Task to complete — Every entry here needs to be repeated exactly.

***

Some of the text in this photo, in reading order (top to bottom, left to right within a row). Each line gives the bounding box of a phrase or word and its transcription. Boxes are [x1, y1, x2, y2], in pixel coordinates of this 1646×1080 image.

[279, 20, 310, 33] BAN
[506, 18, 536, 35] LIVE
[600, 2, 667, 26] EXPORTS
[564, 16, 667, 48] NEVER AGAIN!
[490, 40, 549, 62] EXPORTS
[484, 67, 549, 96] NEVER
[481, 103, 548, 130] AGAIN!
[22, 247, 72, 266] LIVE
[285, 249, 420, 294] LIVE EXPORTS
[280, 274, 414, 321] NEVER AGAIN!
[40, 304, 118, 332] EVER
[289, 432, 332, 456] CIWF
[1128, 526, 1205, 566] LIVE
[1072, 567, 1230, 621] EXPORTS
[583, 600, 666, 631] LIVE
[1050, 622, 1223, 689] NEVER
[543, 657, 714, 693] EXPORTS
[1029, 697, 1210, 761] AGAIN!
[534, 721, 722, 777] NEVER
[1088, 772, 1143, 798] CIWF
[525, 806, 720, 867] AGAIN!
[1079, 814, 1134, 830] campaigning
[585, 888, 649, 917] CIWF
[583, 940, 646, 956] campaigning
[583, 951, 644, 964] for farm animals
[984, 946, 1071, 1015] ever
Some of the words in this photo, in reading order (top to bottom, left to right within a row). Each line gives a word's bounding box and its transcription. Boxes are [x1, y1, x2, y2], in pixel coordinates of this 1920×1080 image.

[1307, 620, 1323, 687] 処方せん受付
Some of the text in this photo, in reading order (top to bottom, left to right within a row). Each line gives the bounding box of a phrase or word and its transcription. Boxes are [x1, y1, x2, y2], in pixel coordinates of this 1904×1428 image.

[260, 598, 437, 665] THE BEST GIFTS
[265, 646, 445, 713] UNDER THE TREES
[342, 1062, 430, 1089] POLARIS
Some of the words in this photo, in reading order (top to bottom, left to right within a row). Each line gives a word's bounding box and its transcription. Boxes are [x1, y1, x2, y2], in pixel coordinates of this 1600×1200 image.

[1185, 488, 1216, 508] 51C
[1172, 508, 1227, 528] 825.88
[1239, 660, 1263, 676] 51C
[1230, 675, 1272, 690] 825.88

***

Expected answer —
Some of the text in this photo, in reading order (top to bottom, left to right within a row). Each line gives the bounding box of a phrase or word and its transcription. Boxes are [x1, y1, x2, y2], in pixel coordinates of this 1646×1080 image.

[279, 20, 310, 33] BAN
[506, 18, 536, 35] LIVE
[600, 2, 667, 26] EXPORTS
[564, 16, 667, 48] NEVER AGAIN!
[490, 40, 549, 62] EXPORTS
[484, 67, 549, 96] NEVER
[481, 103, 548, 130] AGAIN!
[22, 247, 72, 266] LIVE
[285, 249, 420, 294] LIVE EXPORTS
[280, 274, 414, 321] NEVER AGAIN!
[40, 304, 118, 332] EVER
[289, 432, 332, 456] CIWF
[1128, 526, 1205, 566] LIVE
[1072, 567, 1230, 621] EXPORTS
[583, 600, 666, 631] LIVE
[1050, 622, 1223, 689] NEVER
[543, 657, 714, 693] EXPORTS
[1029, 697, 1210, 761] AGAIN!
[534, 721, 722, 777] NEVER
[1088, 772, 1143, 798] CIWF
[525, 806, 720, 867] AGAIN!
[1079, 814, 1134, 830] campaigning
[585, 888, 649, 917] CIWF
[583, 940, 646, 956] campaigning
[583, 951, 644, 964] for farm animals
[984, 946, 1071, 1015] ever
Some of the words in this photo, in reading order (top to bottom, left to right within a row). Each line gives a word's bounding box and its transcription. Boxes are [x1, y1, x2, y2], in pixel coordinates of this 1920×1080 image.

[1307, 620, 1323, 687] 処方せん受付
Some of the text in this photo, in reading order (top to bottom, left to right within a row). Each line gives the bounding box of a phrase or word and its transcription. Boxes are [x1, y1, x2, y2], in pixel coordinates of this 1904×1428 image.

[260, 598, 437, 665] THE BEST GIFTS
[265, 646, 445, 713] UNDER THE TREES
[342, 1062, 430, 1089] POLARIS
Some of the words in this photo, in reading order (top to bottom, left to right within a row). Each line gives a word's bounding box and its transcription. Boxes are [x1, y1, x2, y2], in pixel coordinates of this 1600×1200 image.

[1185, 488, 1216, 508] 51C
[1172, 508, 1227, 528] 825.88
[1239, 660, 1263, 676] 51C
[1230, 675, 1272, 690] 825.88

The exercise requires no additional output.